Long-term methamphetamine administration in the vervet monkey models aspects of a human exposure: brain neurotoxicity and behavioral profiles.
|Title||Long-term methamphetamine administration in the vervet monkey models aspects of a human exposure: brain neurotoxicity and behavioral profiles.|
|Publication Type||Journal Article|
|Year of Publication||2008|
|Authors||Melega, WP, Jorgensen MJ, Laćan G, Way BM, Pham J, Morton G, Cho AK, Fairbanks LA|
|Journal||Neuropsychopharmacology : official publication of the American College of Neuropsychopharmacology|
|Date Published||2008 May|
|Keywords||Analysis of Variance, Animals, Autoradiography, Behavior, Animal, Benzazepines, Brain, Brain Chemistry, Central Nervous System Stimulants, Cercopithecus aethiops, Cocaine, Disease Models, Animal, Dopamine Antagonists, Dopamine Plasma Membrane Transport Proteins, Dopamine Uptake Inhibitors, Dose-Response Relationship, Drug, Male, Methamphetamine, Neurotoxicity Syndromes, Protein Binding, Raclopride, Social Behavior, Tritium|
Methamphetamine (METH)-associated alterations in the human striatal dopamine (DA) system have been identified with positron emission tomography (PET) imaging and post-mortem studies but have not been well correlated with behavioral changes or cumulative METH intake.
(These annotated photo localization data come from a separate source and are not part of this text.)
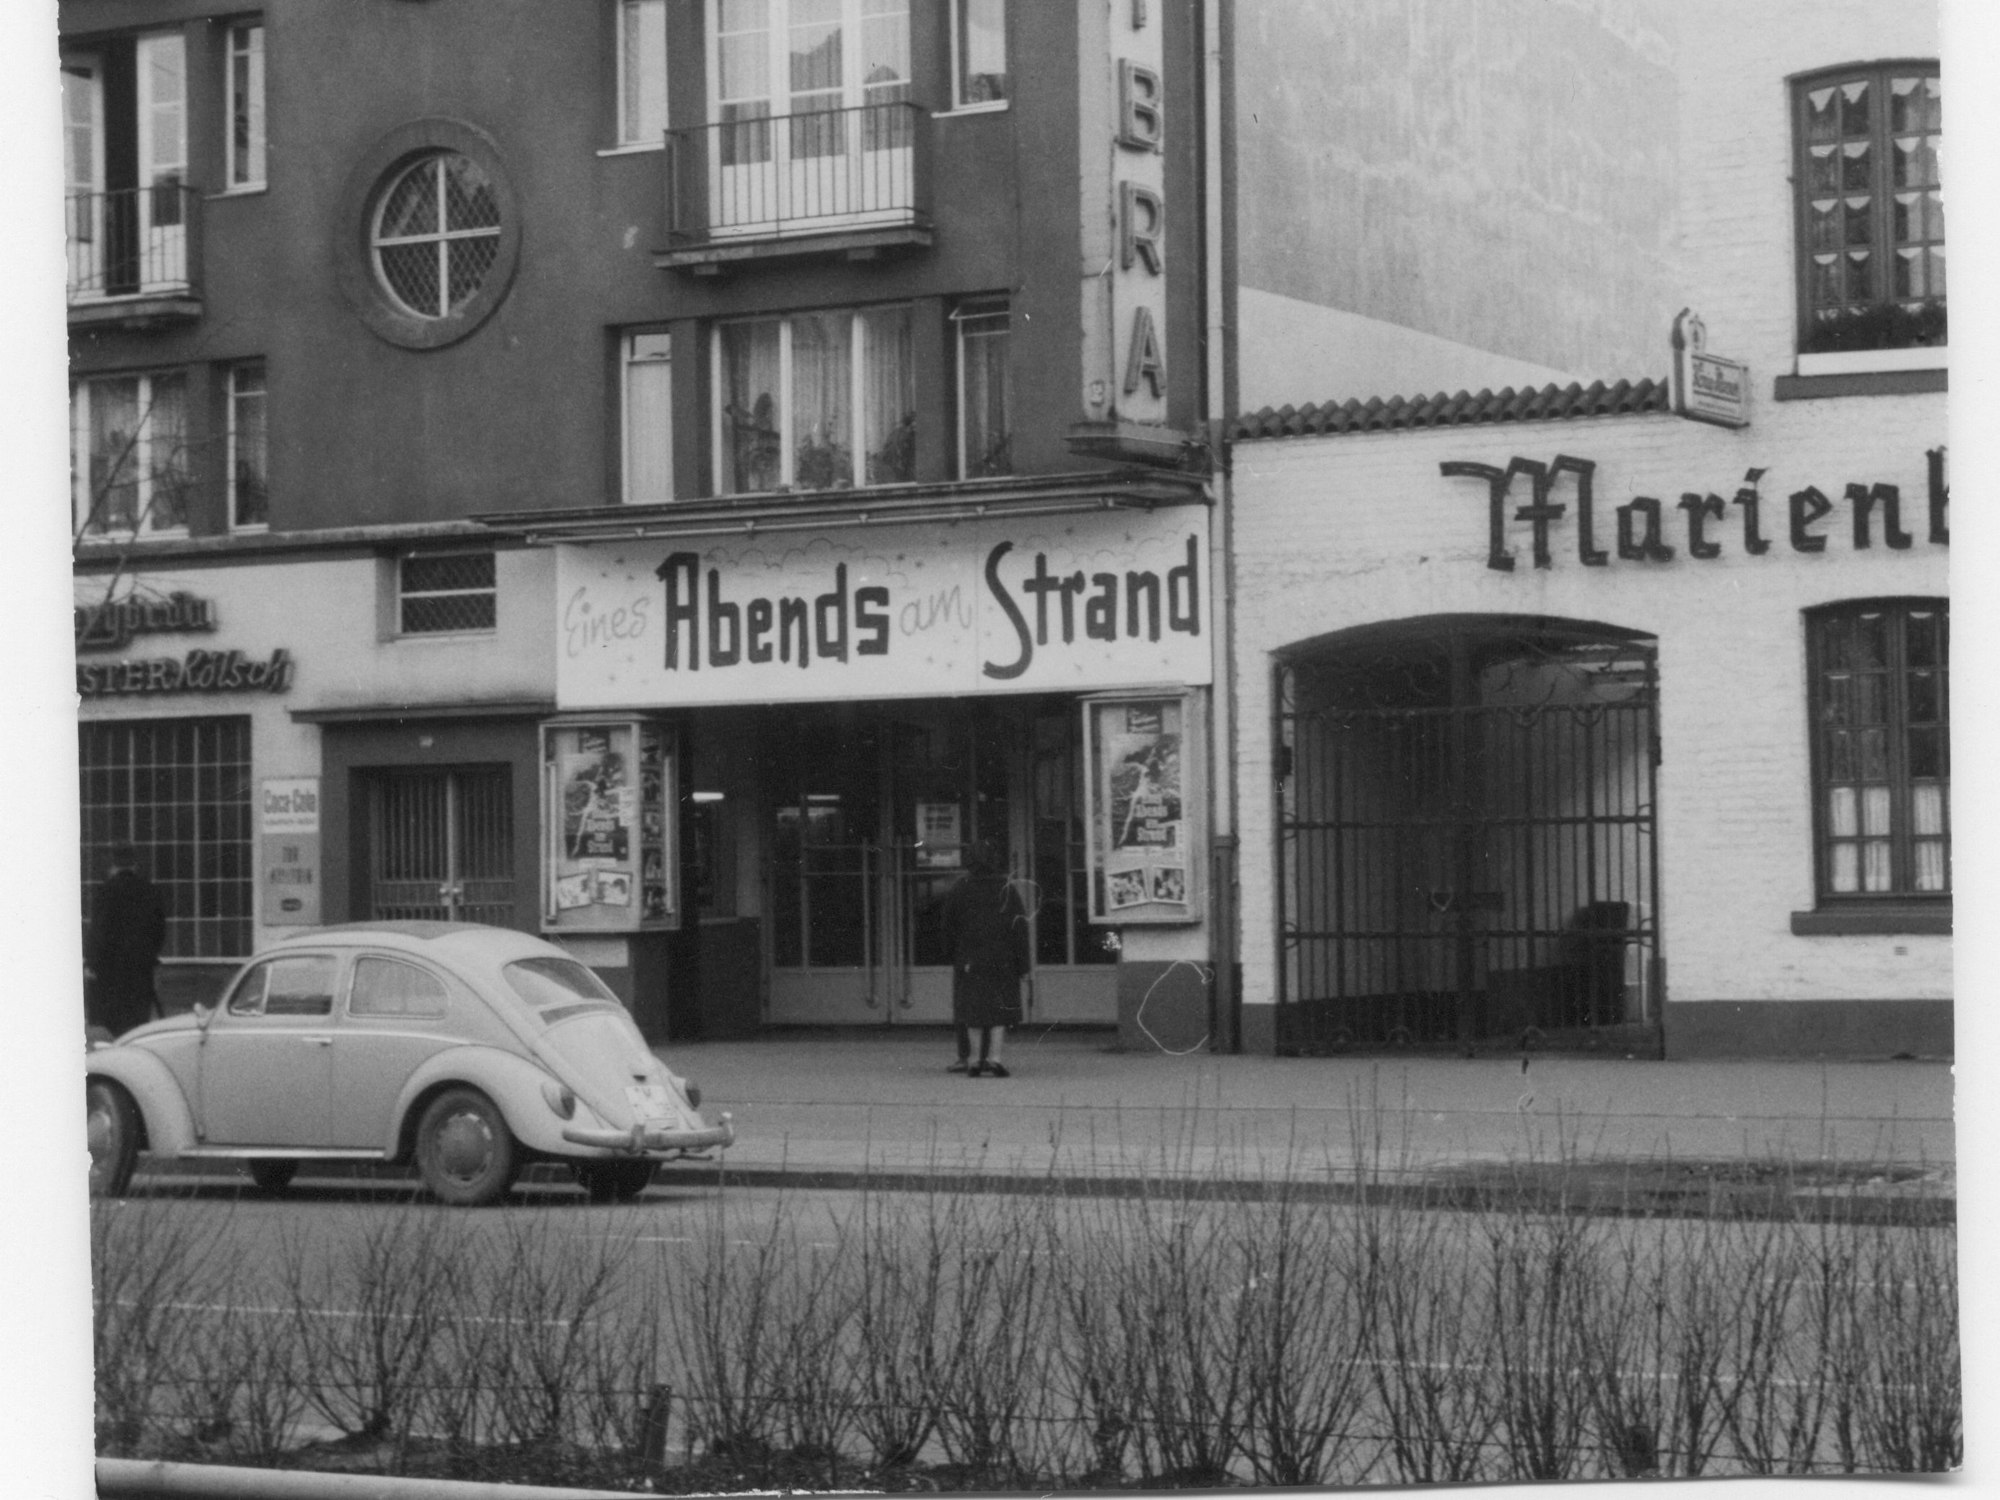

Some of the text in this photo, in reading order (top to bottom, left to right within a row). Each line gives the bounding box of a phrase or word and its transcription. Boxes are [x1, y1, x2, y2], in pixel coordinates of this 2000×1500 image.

[564, 533, 1200, 680] Eines Abends am Strand
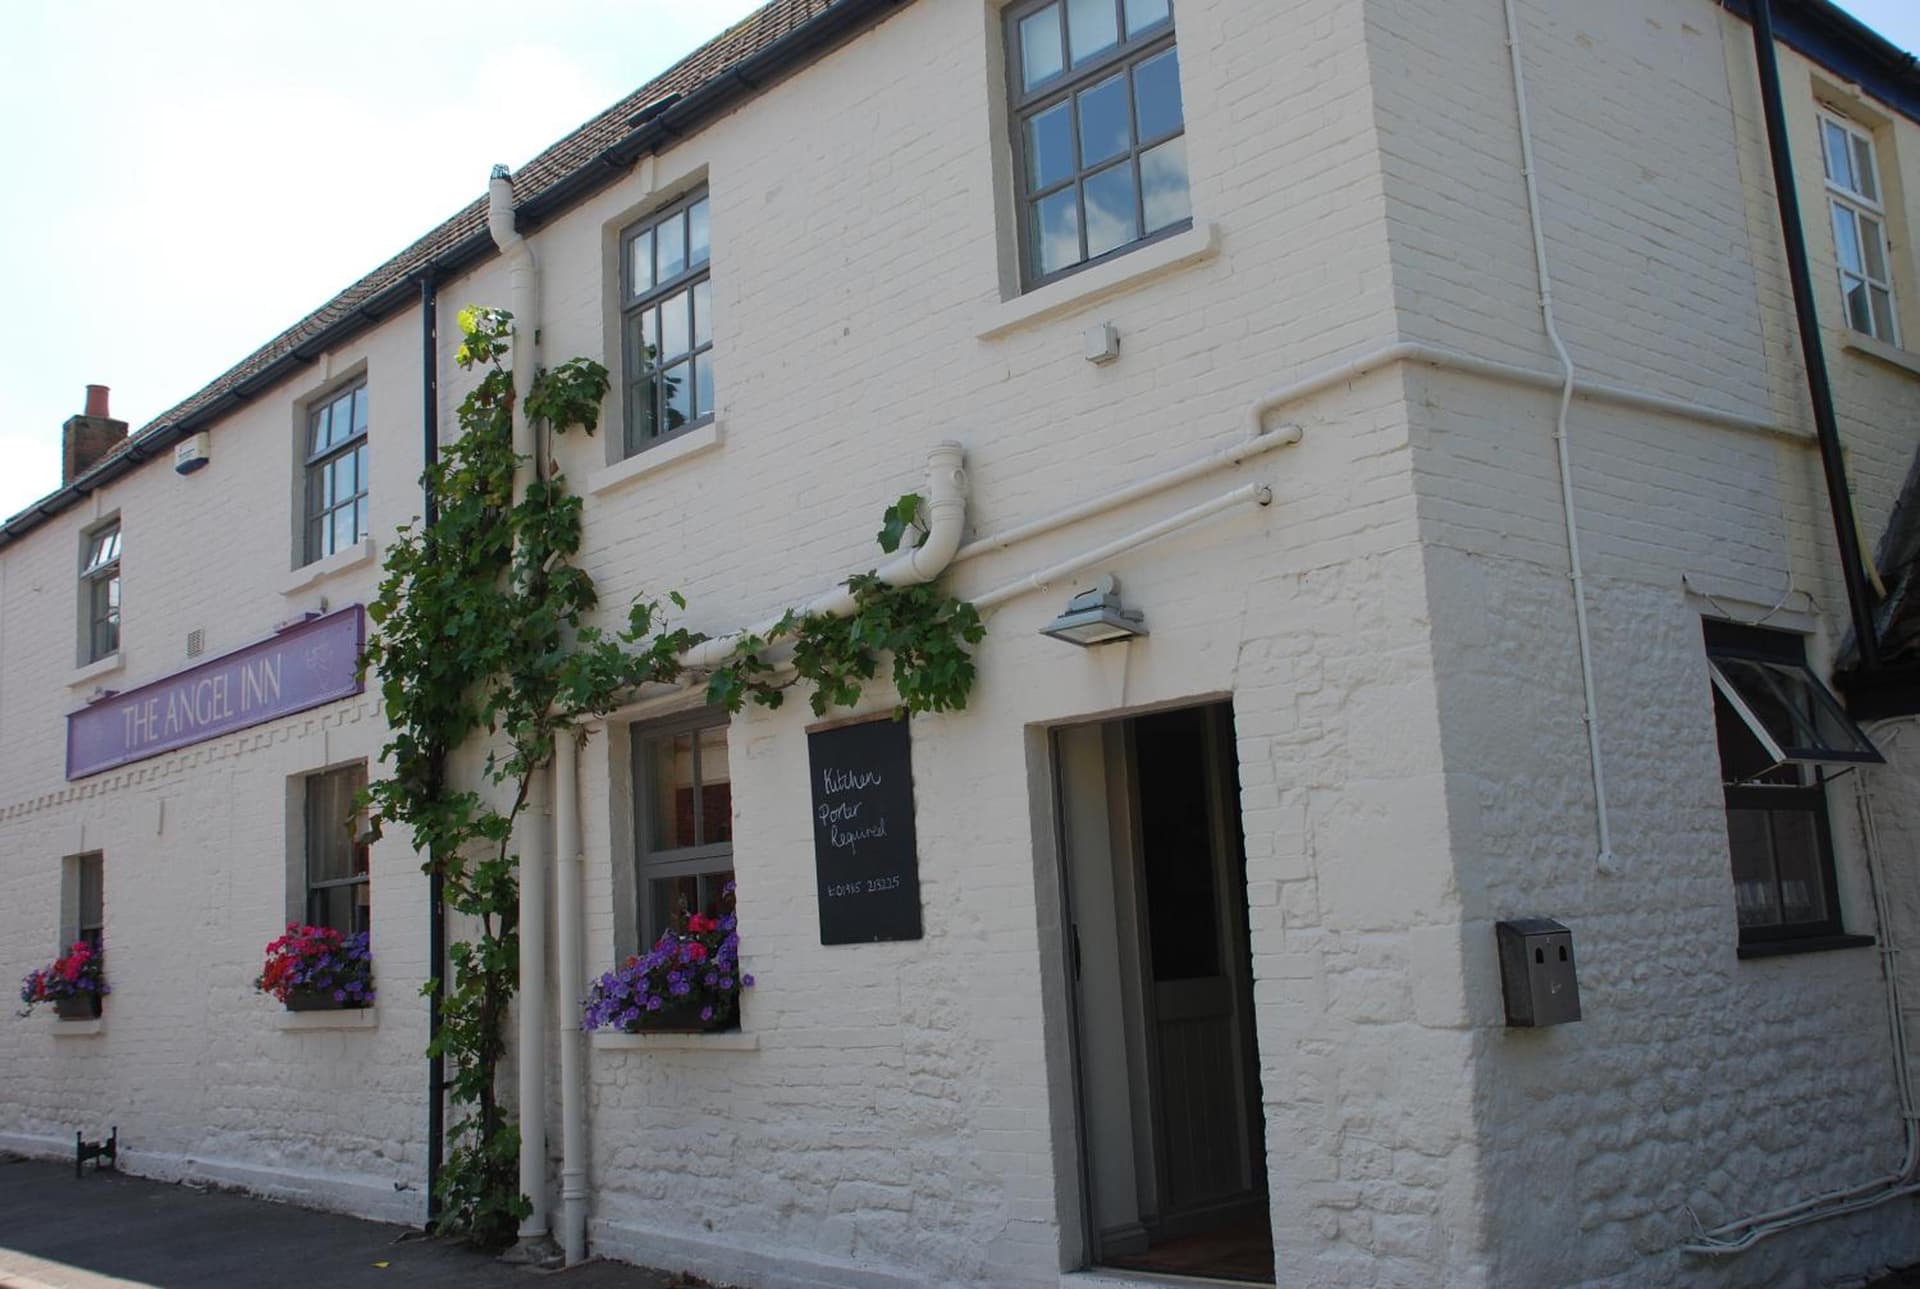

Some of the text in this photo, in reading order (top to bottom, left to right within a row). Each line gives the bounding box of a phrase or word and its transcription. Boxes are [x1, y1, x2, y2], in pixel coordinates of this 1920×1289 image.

[122, 652, 282, 749] THE ANGEL INN
[823, 767, 882, 795] Kitchen
[818, 801, 863, 827] Porter
[831, 816, 888, 856] Required
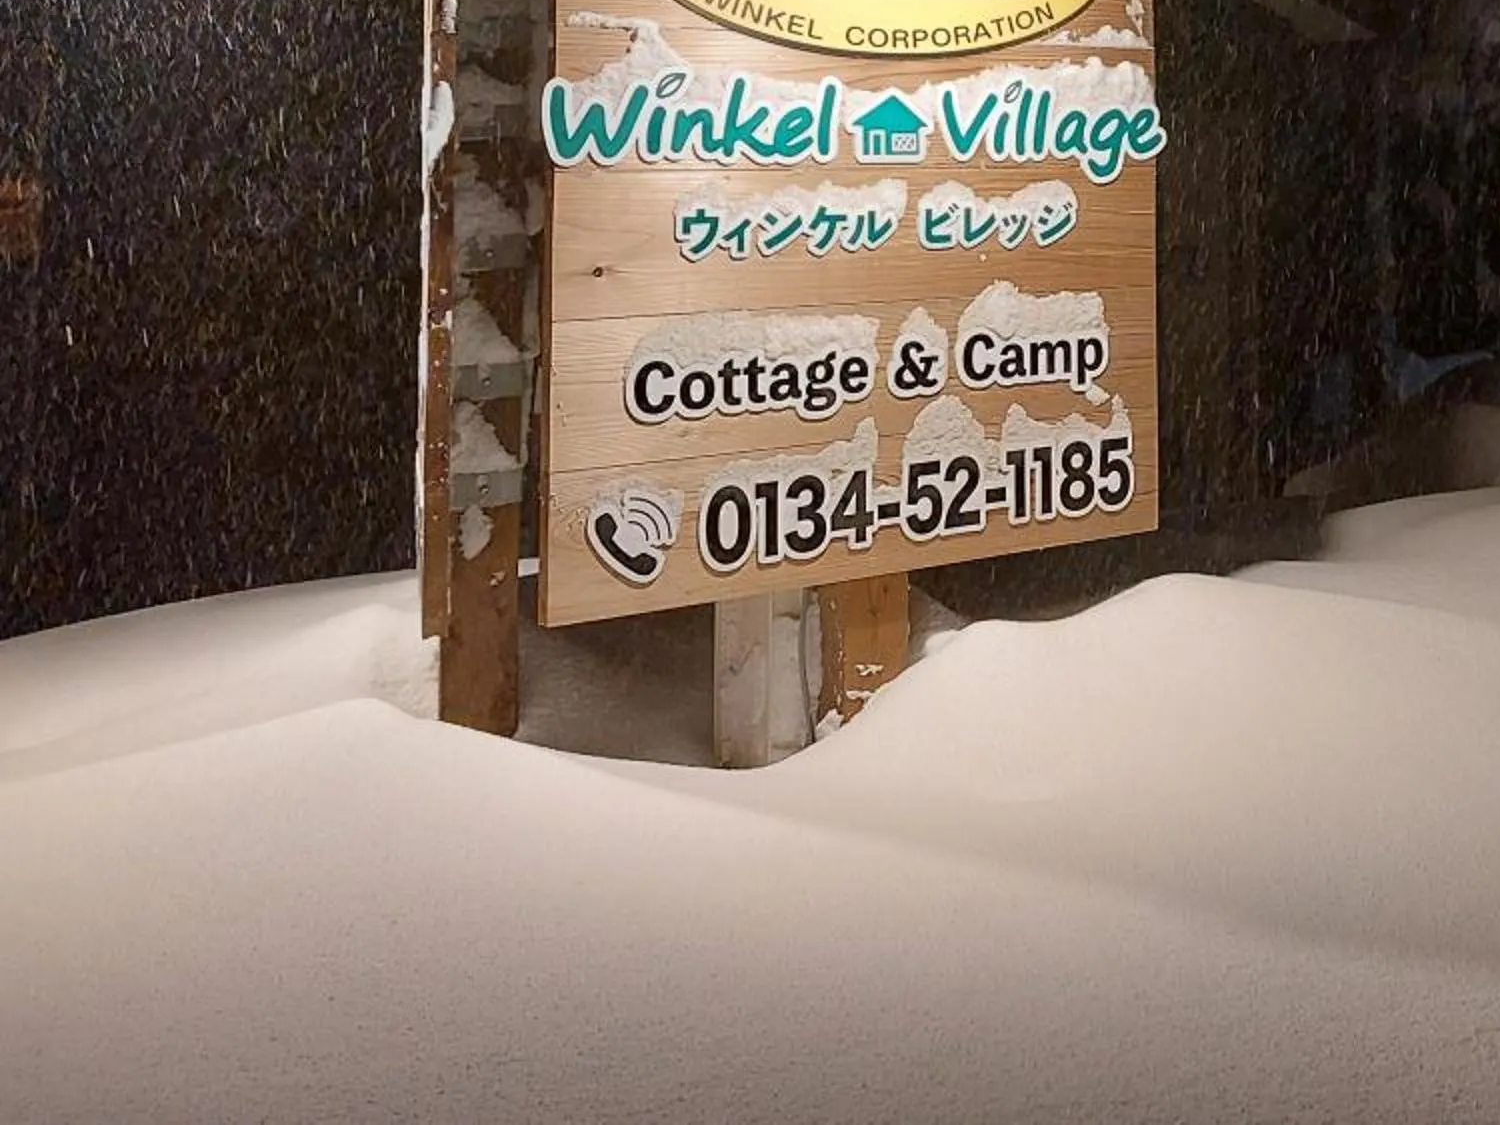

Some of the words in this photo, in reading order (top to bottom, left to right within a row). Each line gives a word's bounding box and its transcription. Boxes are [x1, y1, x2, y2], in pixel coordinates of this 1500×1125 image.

[845, 1, 1055, 50] CORPORATION
[548, 73, 839, 160] Winkel
[941, 79, 1162, 176] Village
[681, 206, 893, 255] ウィンケル
[924, 202, 1073, 246] ビレッジ
[633, 349, 870, 416] Cottage
[894, 340, 938, 391] &
[961, 331, 1102, 386] Camp
[704, 436, 1132, 566] 0134-52-1185
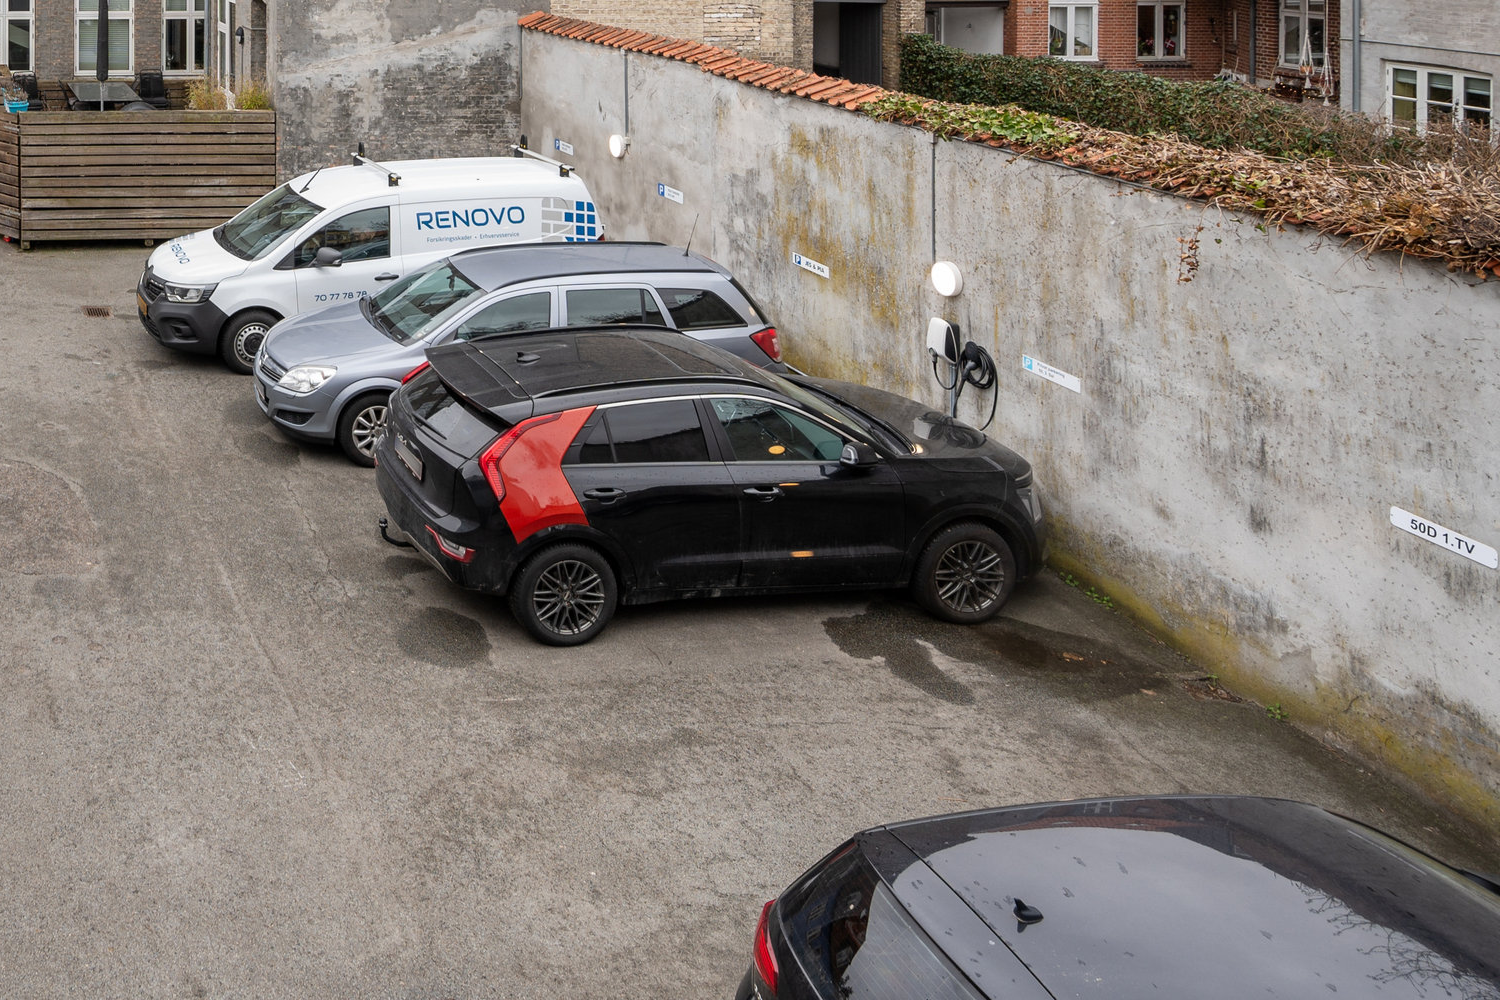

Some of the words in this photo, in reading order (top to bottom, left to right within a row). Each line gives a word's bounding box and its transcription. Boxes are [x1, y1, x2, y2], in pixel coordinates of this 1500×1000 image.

Animal studies that model some aspects of human long-term METH abuse can establish dose-dependency profiles of both behavioral changes and potential brain neurotoxicities for identifying consequences of particular cumulative exposures. Based on parameters from human and our monkey pharmacokinetic studies, we modeled a prevalent human METH exposure of daily multiple doses in socially housed vervet monkeys. METH doses were escalated over 33 weeks, with final dosages resulting in estimated peak plasma METH concentrations of 1-3 microM, a range measured in human abusers. With larger METH doses, progressive increases in abnormal behavior and decreases in social behavior were observed on 'injection' days. Anxiety increased on 'no injection' days while aggression decreased throughout the study. Thereafter, during 3 weeks abstinence, differences in baseline vs post-METH behaviors were not observed. Post-mortem analysis of METH brains showed 20% lower striatal DA content while autoradiography studies of precommissural striatum showed 35% lower [3H]WIN35428 binding to the DA transporter. No statistically significant changes were detected for [3H]dihydrotetrabenazine binding to the vesicular monoamine transporter (METH-lower by 10%) or for [3H]SCH 23390 and [3H]raclopride binding to DA D1 and D2 receptors, respectively. Collectively, this long-term, escalating dose METH exposure modeling a human abuse pattern, not associated with high-dose binges, resulted in dose-dependent behavioral effects and caused persistent changes in presynaptic striatal DA system integrity.